┌──

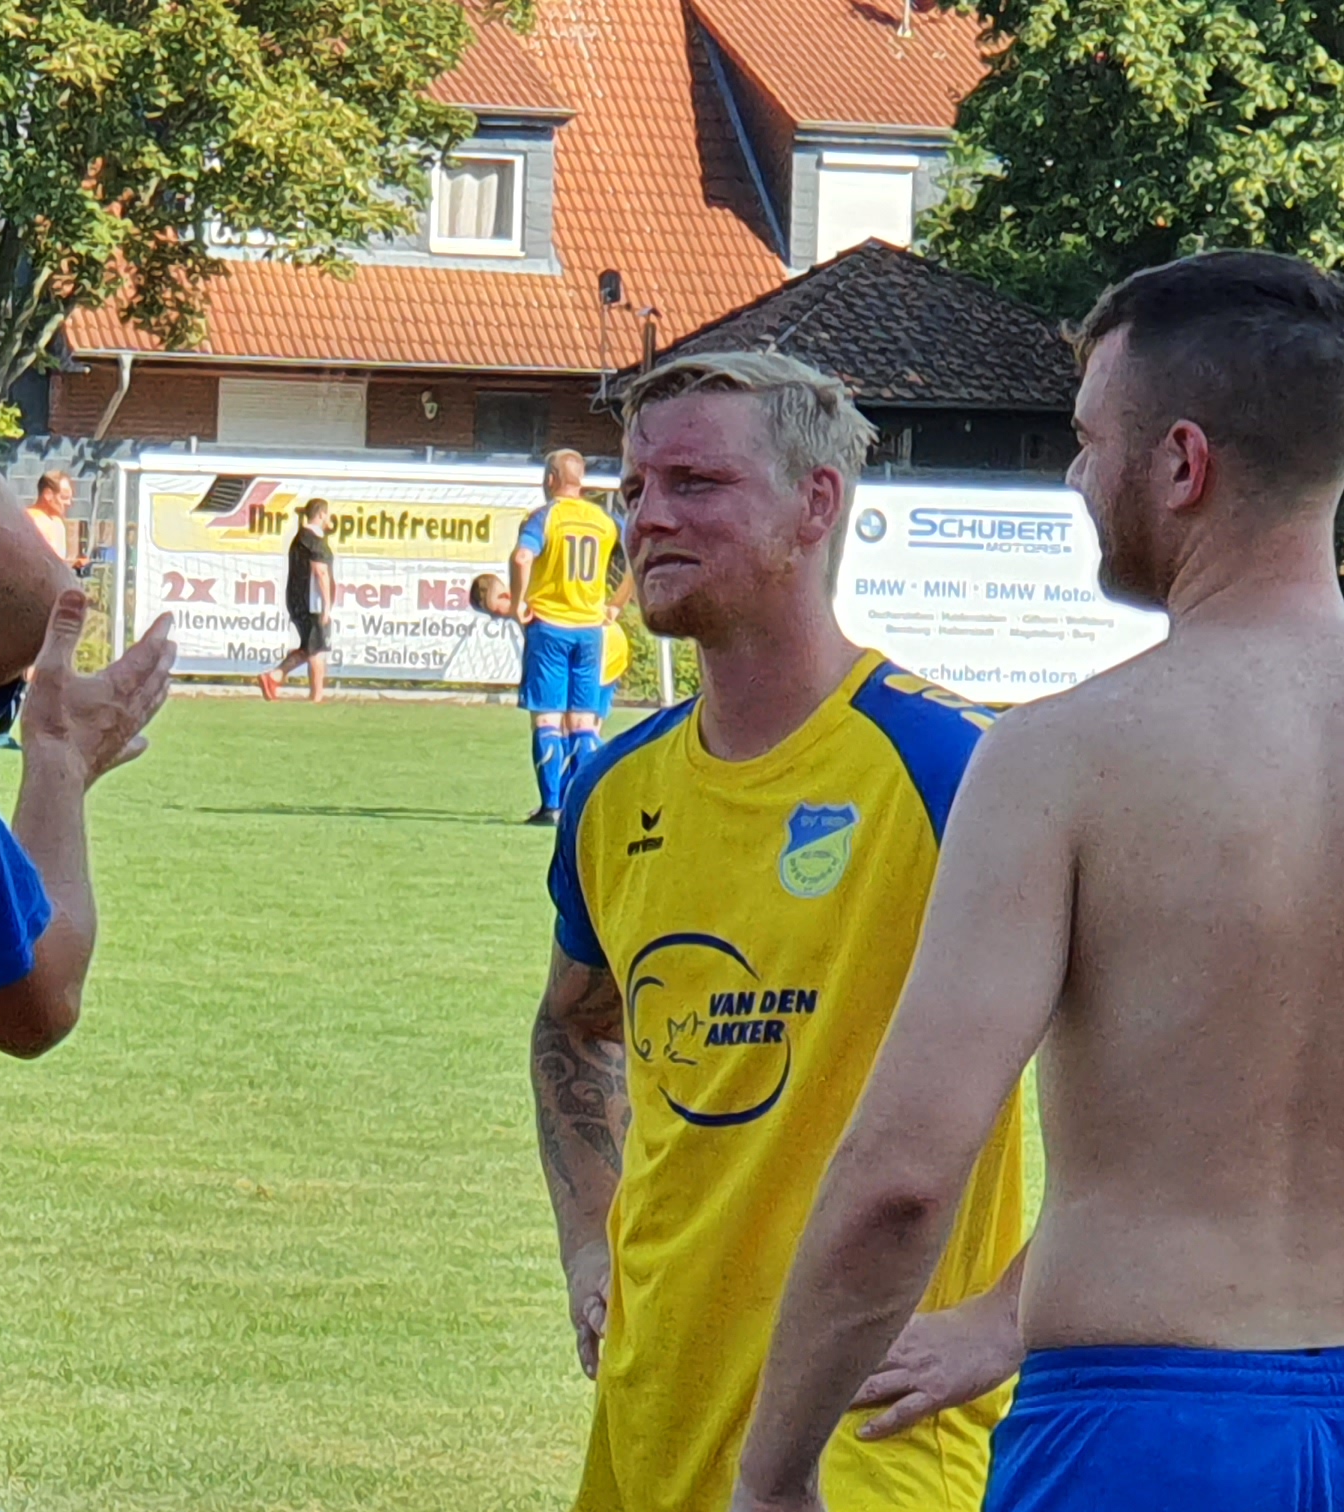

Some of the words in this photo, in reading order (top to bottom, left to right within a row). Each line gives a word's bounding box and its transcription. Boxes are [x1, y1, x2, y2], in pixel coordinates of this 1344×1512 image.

[248, 503, 289, 536] Ihr
[294, 505, 492, 544] Tppichfreund
[908, 507, 1073, 542] SCHUBERT
[564, 535, 598, 582] 10
[986, 542, 1062, 554] MOTORS
[161, 571, 219, 604] 2x
[234, 572, 276, 605] in
[335, 583, 404, 609] rer
[855, 578, 906, 597] BMW
[924, 580, 967, 599] MINI
[985, 582, 1036, 601] BMW
[709, 990, 756, 1018] VAN
[759, 988, 818, 1015] DEN
[704, 1019, 785, 1048] AKKER
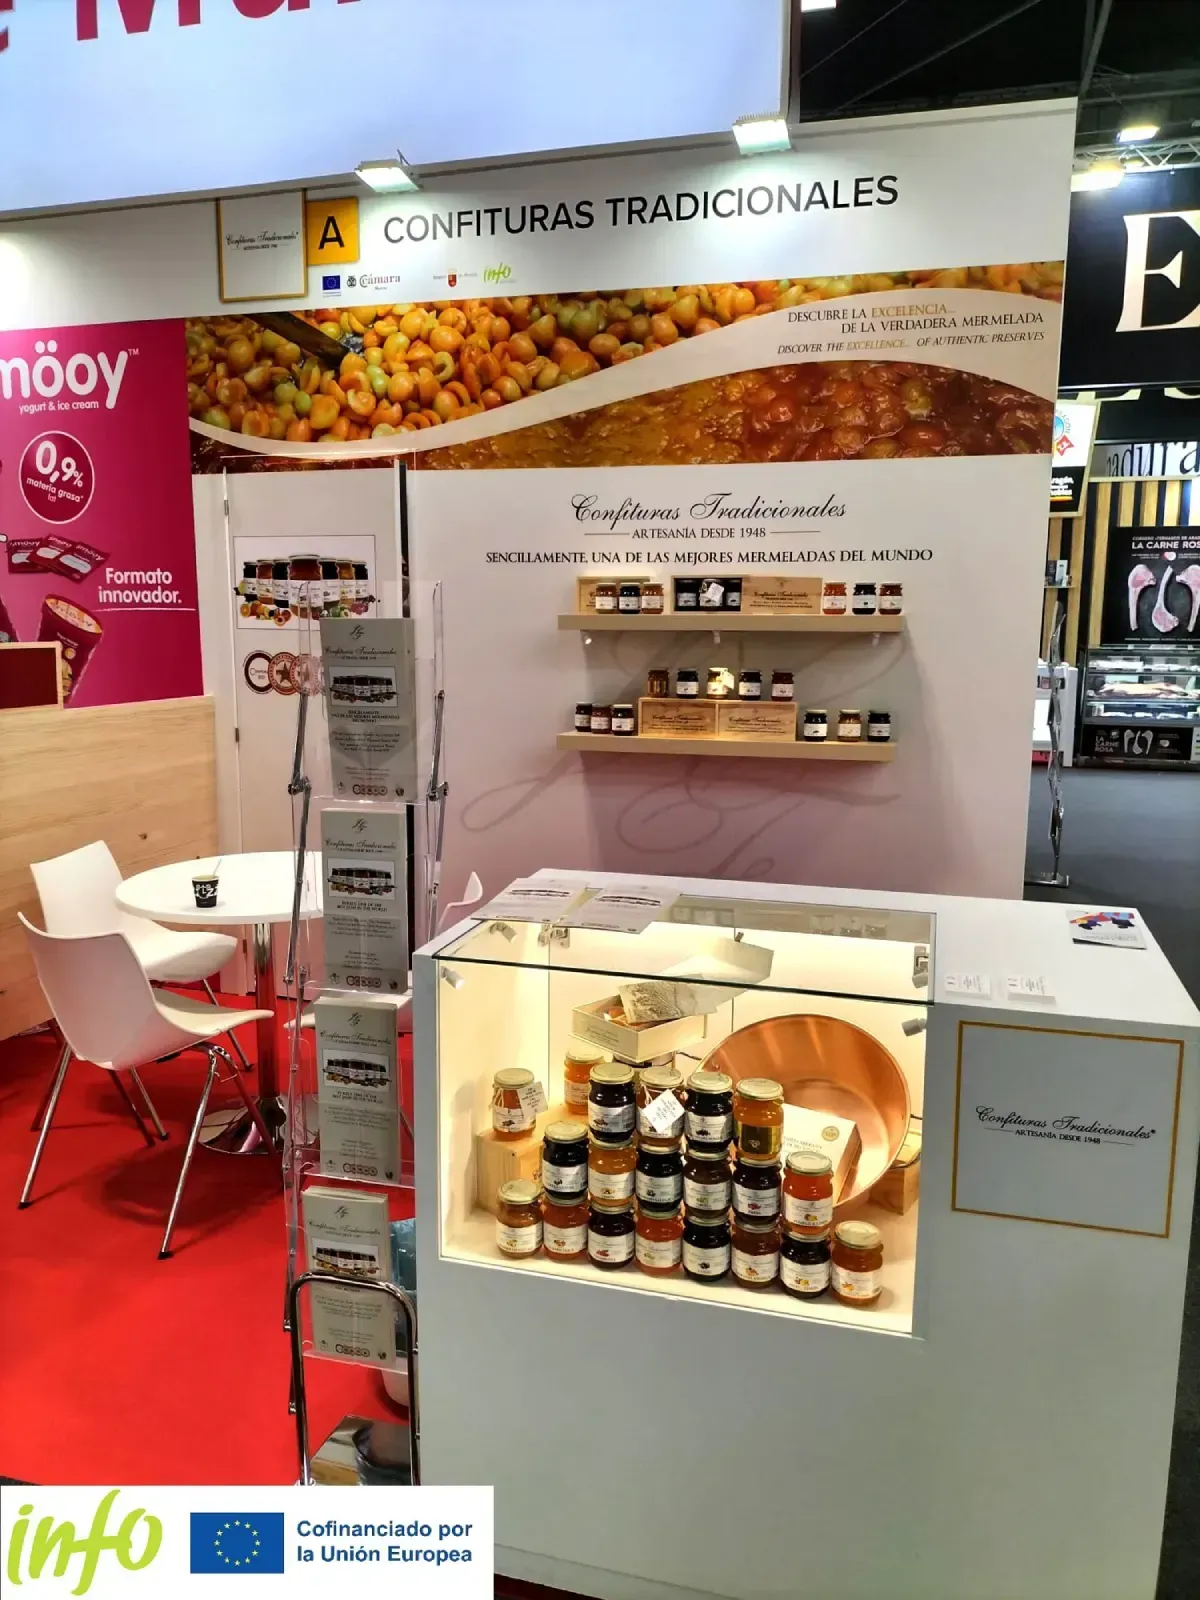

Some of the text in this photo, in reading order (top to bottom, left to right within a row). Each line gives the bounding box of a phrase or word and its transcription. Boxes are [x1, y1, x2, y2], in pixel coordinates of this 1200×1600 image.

[383, 175, 899, 244] CONFITURAS TRADICIONALES
[318, 215, 345, 250] A
[788, 308, 849, 323] DESCUBRE
[852, 307, 867, 319] LA
[841, 312, 1044, 334] DE LA VERDADERA MERMELADA
[777, 342, 823, 354] DISCOVER
[826, 341, 845, 352] THE
[916, 337, 931, 347] OF
[932, 333, 991, 347] AUTHENTIC
[991, 331, 1045, 343] PRESERVES
[19, 400, 100, 415] yogurt & ice cream
[35, 440, 84, 488] 0,9%
[1106, 441, 1200, 477] adura
[26, 476, 57, 494] materia
[570, 491, 847, 530] Confituras Tradicionales
[631, 527, 767, 540] ARTESANÍA DESDE 1948
[1131, 541, 1144, 549] LA
[1146, 541, 1179, 549] CARNE
[485, 548, 934, 566] SENCILLAMENTE, UNA DE LAS MEJORES MERMELADAS DEL MUNDO
[105, 567, 173, 585] Formato
[98, 586, 182, 604] innovador.
[975, 1105, 1048, 1129] Confituras
[1014, 1128, 1101, 1145] ARTESANÍA DESDE 1948
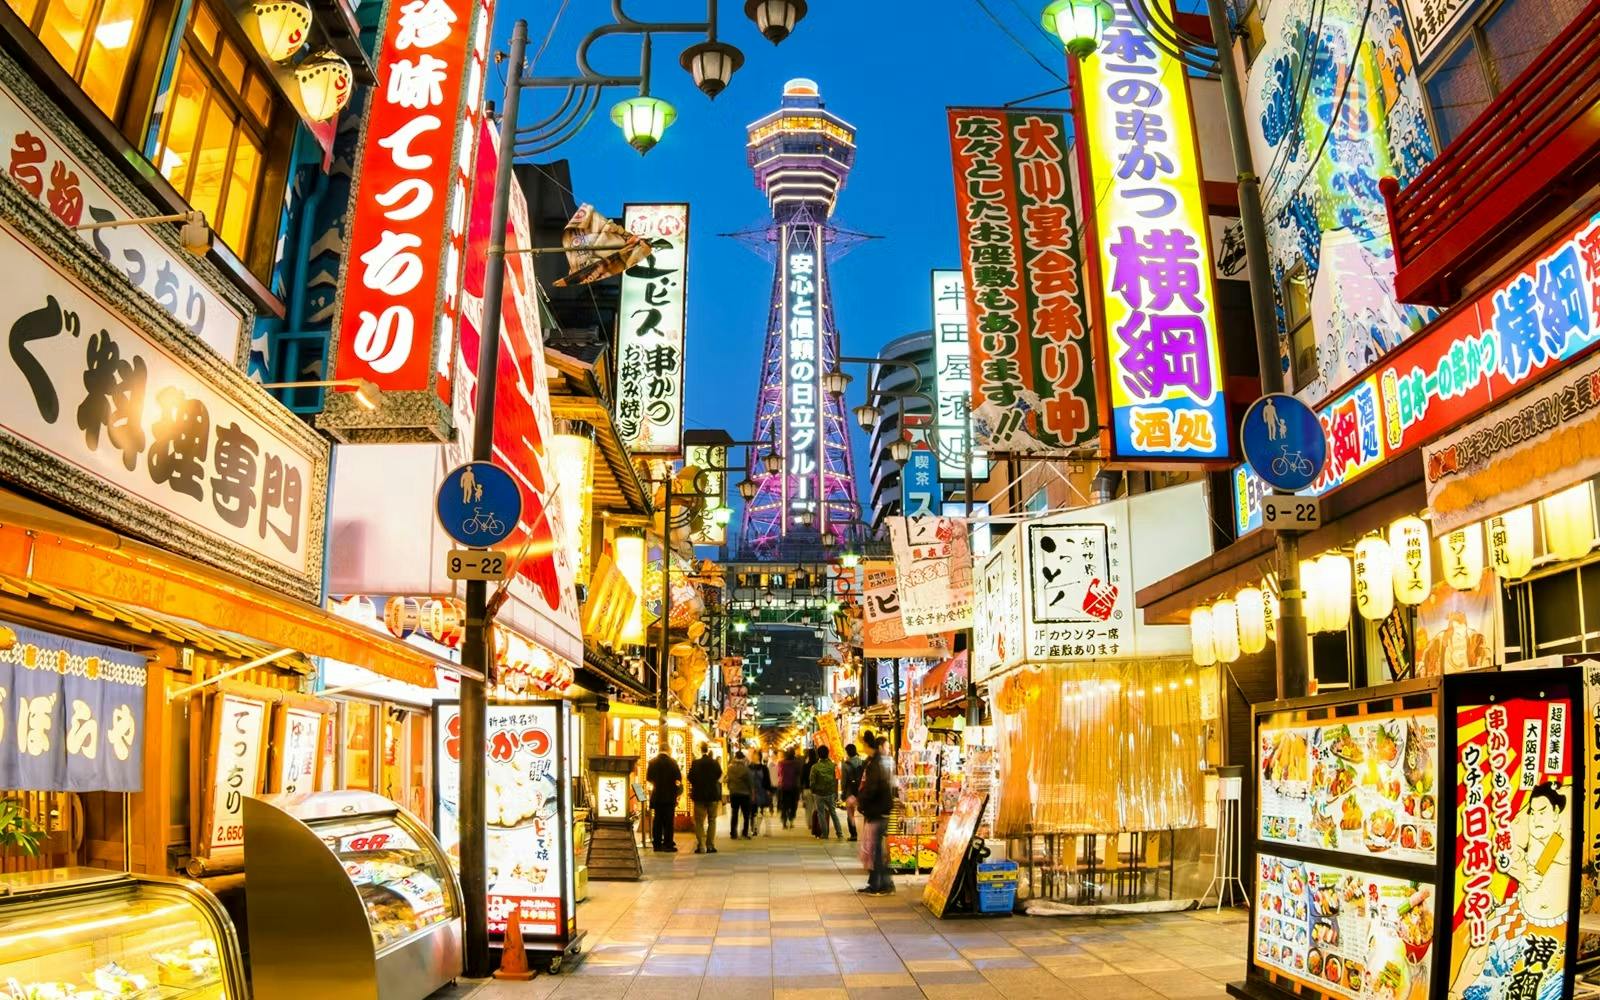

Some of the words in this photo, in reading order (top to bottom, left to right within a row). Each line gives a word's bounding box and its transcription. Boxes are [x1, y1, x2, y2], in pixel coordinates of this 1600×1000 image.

[620, 345, 641, 436] お好み焼き
[645, 345, 677, 421] 串かつ
[1134, 410, 1213, 449] 酒処
[1049, 644, 1120, 657] 座敷あります
[1050, 628, 1120, 641] カウンター席
[226, 711, 250, 814] てっちり
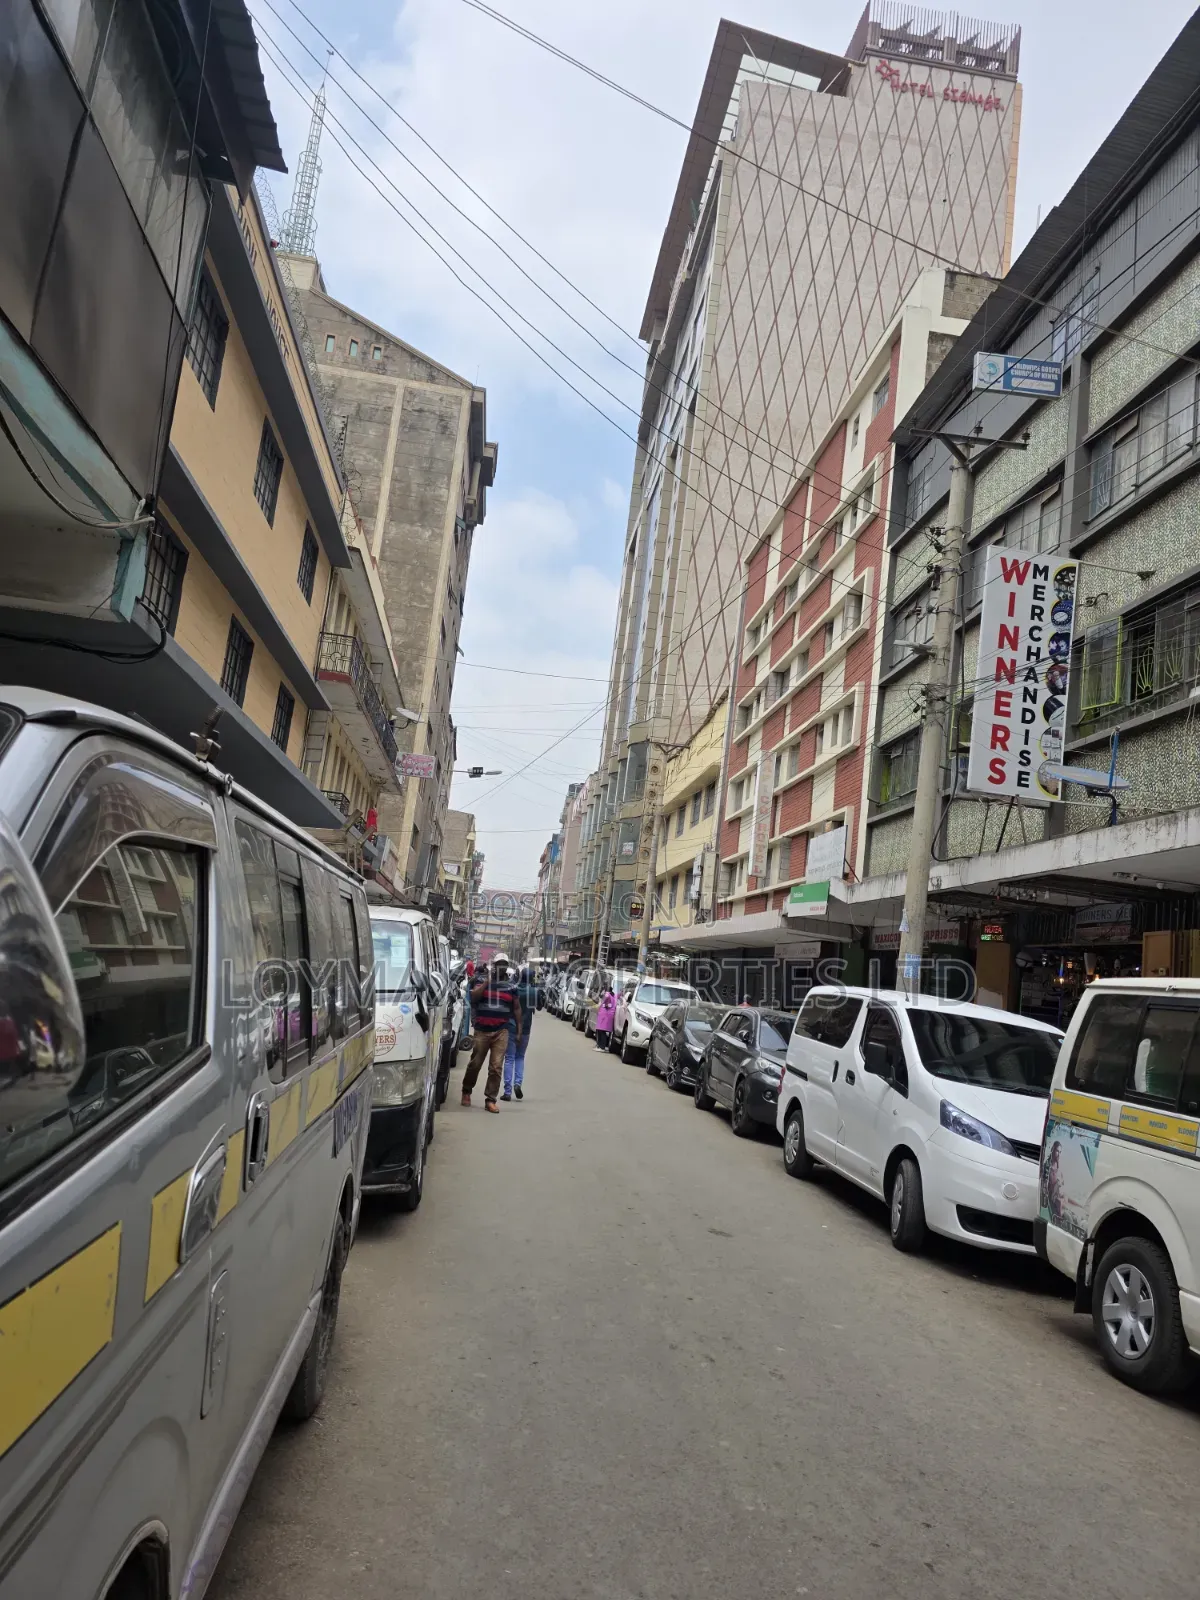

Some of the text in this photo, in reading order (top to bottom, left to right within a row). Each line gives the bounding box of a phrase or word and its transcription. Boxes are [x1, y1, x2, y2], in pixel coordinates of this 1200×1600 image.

└──

* _ACTIVITY_: Send back the entries above exactly. Skip the images.

* _EXERCISE OUTPUT_:
Some of the words in this photo, in reading order (top to bottom, left to right within a row). Each line gives a word's bounding box and its transcription. Boxes are [x1, y1, x2, y2], in pixel coordinates of this 1344×1512 image.

[248, 503, 289, 536] Ihr
[294, 505, 492, 544] Tppichfreund
[908, 507, 1073, 542] SCHUBERT
[564, 535, 598, 582] 10
[986, 542, 1062, 554] MOTORS
[161, 571, 219, 604] 2x
[234, 572, 276, 605] in
[335, 583, 404, 609] rer
[855, 578, 906, 597] BMW
[924, 580, 967, 599] MINI
[985, 582, 1036, 601] BMW
[709, 990, 756, 1018] VAN
[759, 988, 818, 1015] DEN
[704, 1019, 785, 1048] AKKER

Some of the text in this photo, in reading order (top to bottom, left to right within a row). Each line gives the bounding box of a phrase or word and its transcription. Boxes are [x1, y1, x2, y2], in pixel coordinates of this 1200×1600 image.

[383, 175, 899, 244] CONFITURAS TRADICIONALES
[318, 215, 345, 250] A
[788, 308, 849, 323] DESCUBRE
[852, 307, 867, 319] LA
[841, 312, 1044, 334] DE LA VERDADERA MERMELADA
[777, 342, 823, 354] DISCOVER
[826, 341, 845, 352] THE
[916, 337, 931, 347] OF
[932, 333, 991, 347] AUTHENTIC
[991, 331, 1045, 343] PRESERVES
[19, 400, 100, 415] yogurt & ice cream
[35, 440, 84, 488] 0,9%
[1106, 441, 1200, 477] adura
[26, 476, 57, 494] materia
[570, 491, 847, 530] Confituras Tradicionales
[631, 527, 767, 540] ARTESANÍA DESDE 1948
[1131, 541, 1144, 549] LA
[1146, 541, 1179, 549] CARNE
[485, 548, 934, 566] SENCILLAMENTE, UNA DE LAS MEJORES MERMELADAS DEL MUNDO
[105, 567, 173, 585] Formato
[98, 586, 182, 604] innovador.
[975, 1105, 1048, 1129] Confituras
[1014, 1128, 1101, 1145] ARTESANÍA DESDE 1948

Some of the words in this photo, in reading order (top to bottom, left to right within a row). Each line gives a word's bounding box and its transcription. Boxes are [x1, y1, x2, y2], in pixel coordinates of this 1600×1000 image.

[620, 345, 641, 436] お好み焼き
[645, 345, 677, 421] 串かつ
[1134, 410, 1213, 449] 酒処
[1049, 644, 1120, 657] 座敷あります
[1050, 628, 1120, 641] カウンター席
[226, 711, 250, 814] てっちり

Some of the text in this photo, in reading order (top to bottom, left to right within a row). Each line gives the bounding box of a phrase or word and its transcription. Boxes are [x1, y1, x2, y2], in pixel coordinates of this 1200×1600 image.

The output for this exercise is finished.